Fibroblasts were cultured according to the method of example 4, and the cell density, cell viability, endotoxin content and cell growth morphology are shown in table 2;
TABLE 2
As shown in Table 2, the density and cell viability of fibroblasts were significantly decreased and the endotoxin content was increased by removing any one of the components from the culture medium, indicating that the components had synergistic effects.
Example 6
Comparative example 1: culturing mouse fibroblast cells in DMEM/F12 medium containing 10% fetal bovine serum according to the method of example 4; (ii) a
Comparative example 2: culturing mouse fibroblast cells in DMEM/F12 medium containing 5% fetal bovine serum according to the method of example 4;
the results are shown in Table 3;
TABLE 3
As can be seen from the comparison between Table 3 and Table 1, the medium of the present invention can significantly increase the density and activity of fibroblasts and reduce the endotoxin content of cells, compared with the existing medium.
The embodiments in the present description are described in a progressive manner, each embodiment focuses on differences from other embodiments, and the same and similar parts among the embodiments are referred to each other.

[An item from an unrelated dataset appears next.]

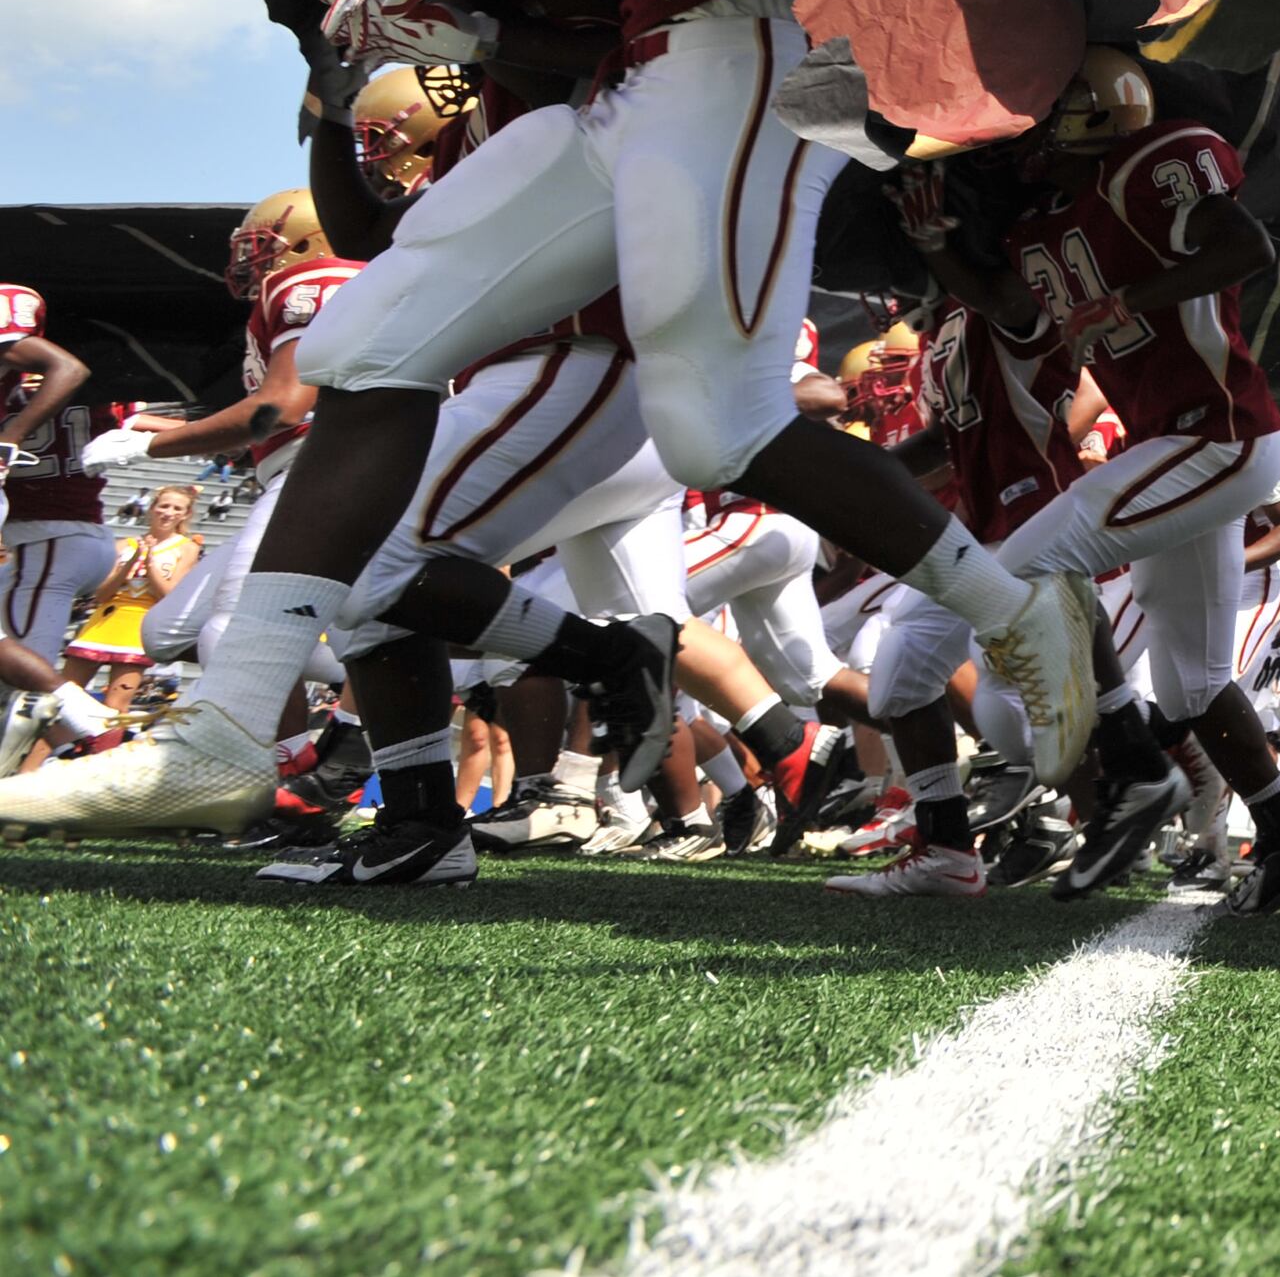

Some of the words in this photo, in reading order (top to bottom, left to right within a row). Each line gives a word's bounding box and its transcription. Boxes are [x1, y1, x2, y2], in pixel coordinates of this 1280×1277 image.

[1152, 147, 1229, 209] 31
[283, 284, 346, 325] 5
[1020, 226, 1158, 360] 31

The previous description of the disclosed embodiments is provided to enable any person skilled in the art to make or use the present invention. Various modifications to these embodiments will be readily apparent to those skilled in the art, and the generic principles defined herein may be applied to other embodiments without departing from the spirit or scope of the invention. Thus, the present invention is not intended to be limited to the embodiments shown herein but is to be accorded the widest scope consistent with the principles and novel features disclosed herein.